<<<<
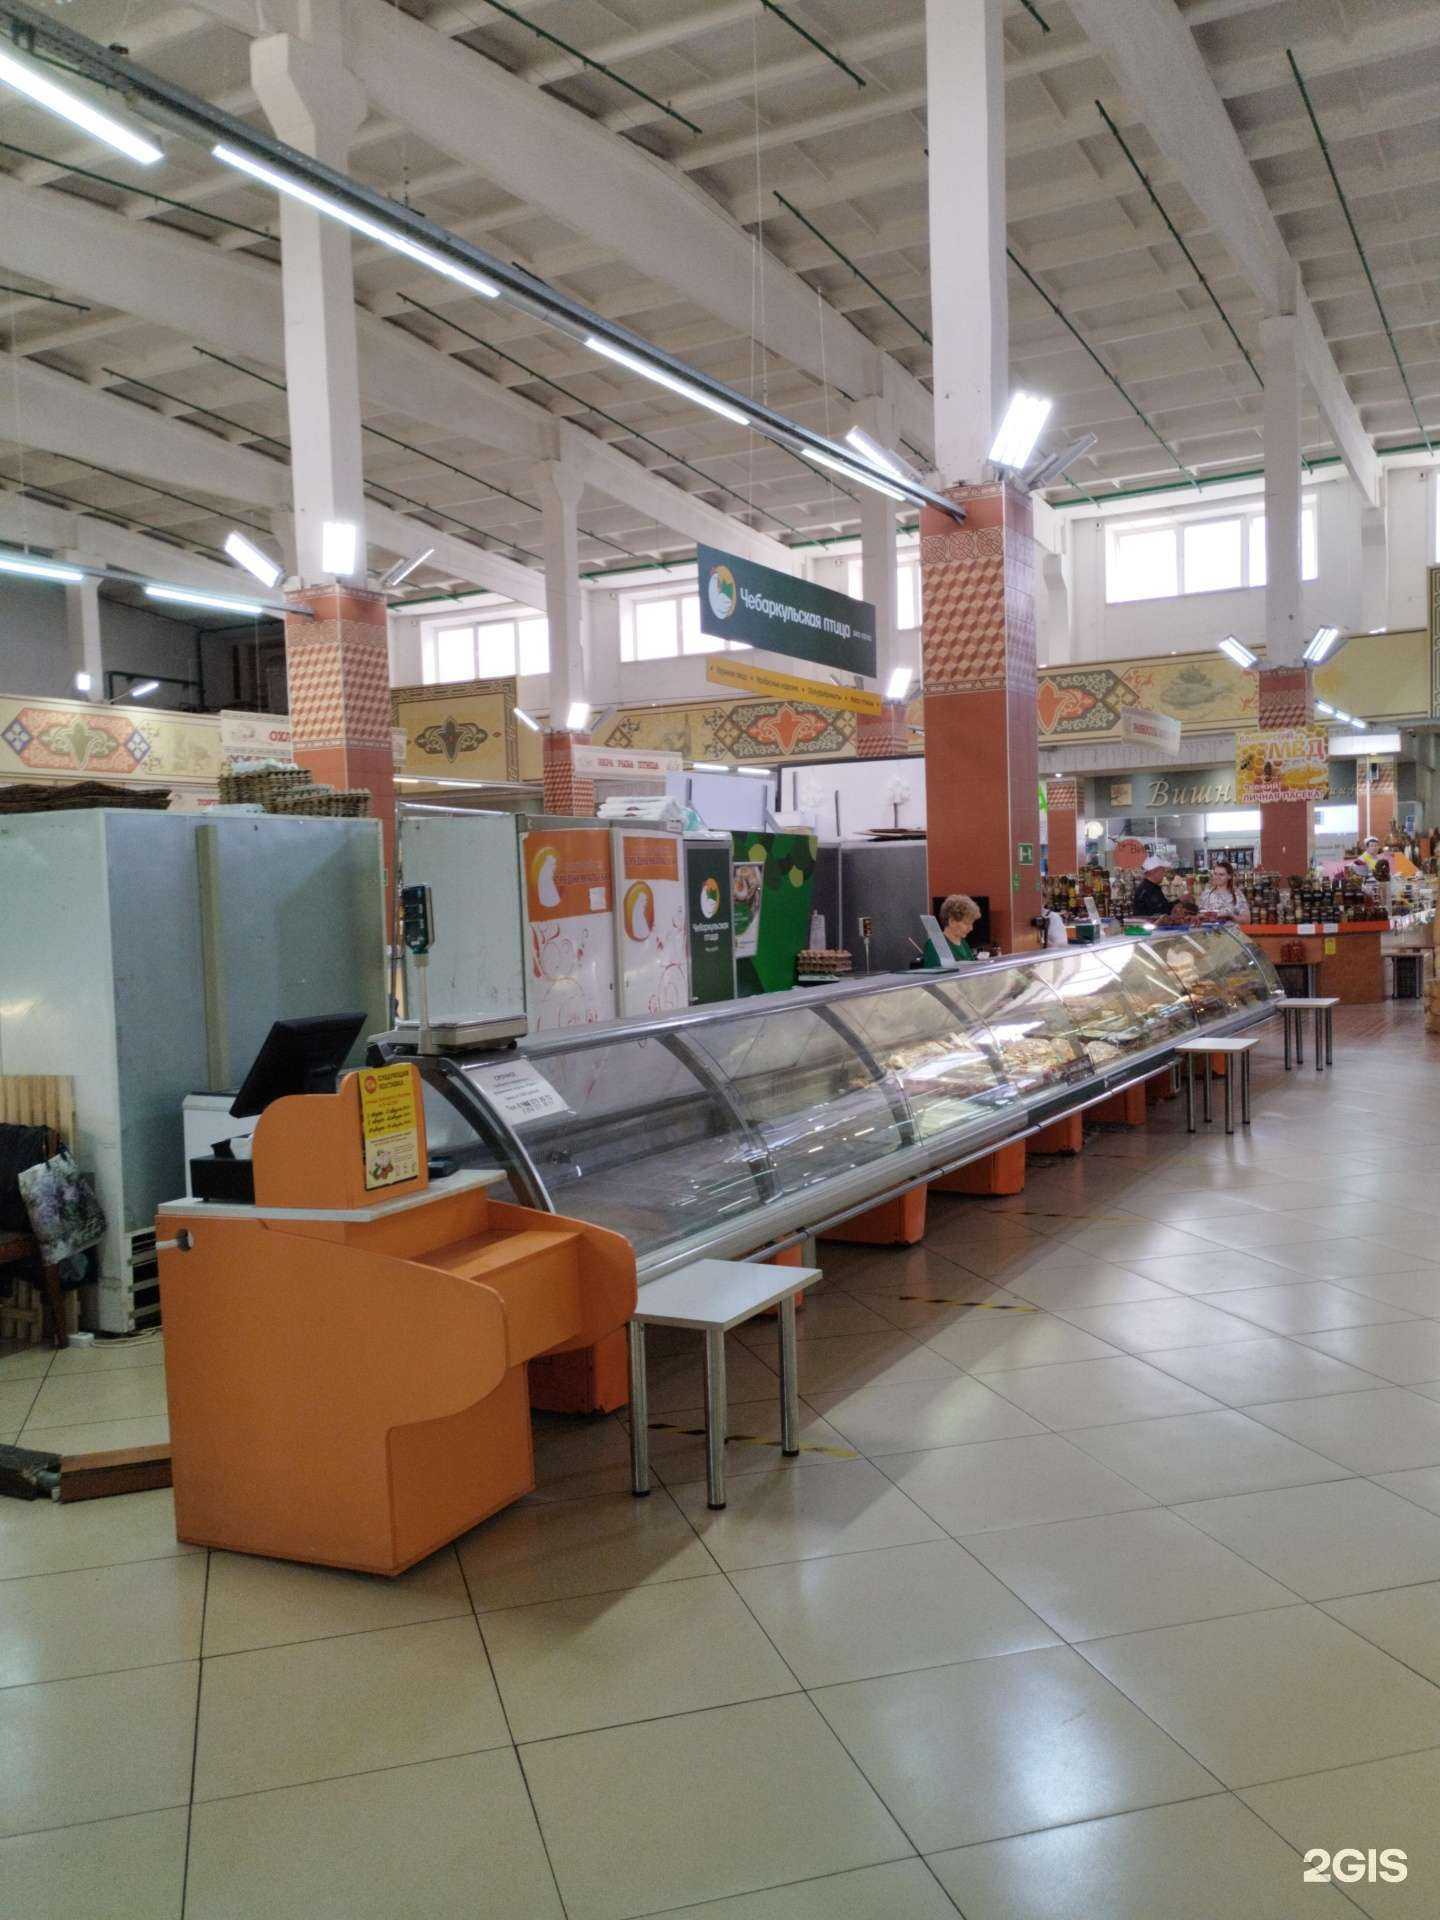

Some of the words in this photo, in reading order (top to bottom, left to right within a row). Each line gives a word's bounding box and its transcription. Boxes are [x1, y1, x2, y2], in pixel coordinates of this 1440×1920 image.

[739, 587, 822, 629] Чебаркульская
[823, 616, 851, 639] птица
[1143, 777, 1236, 808] Вишн
[1243, 790, 1280, 801] ЛИЧНАЯ
>>>>
__EXERCISE DIRECTIONS__. Pictures are to be left out; everything else in the records gets retyped exactly.

__ANSWER TO THIS TASK__.
Some of the words in this photo, in reading order (top to bottom, left to right within a row). Each line gives a word's bounding box and its transcription. Boxes are [x1, y1, x2, y2], in pixel coordinates of this 1440×1920 image.

[739, 587, 822, 629] Чебаркульская
[823, 616, 851, 639] птица
[1143, 777, 1236, 808] Вишн
[1243, 790, 1280, 801] ЛИЧНАЯ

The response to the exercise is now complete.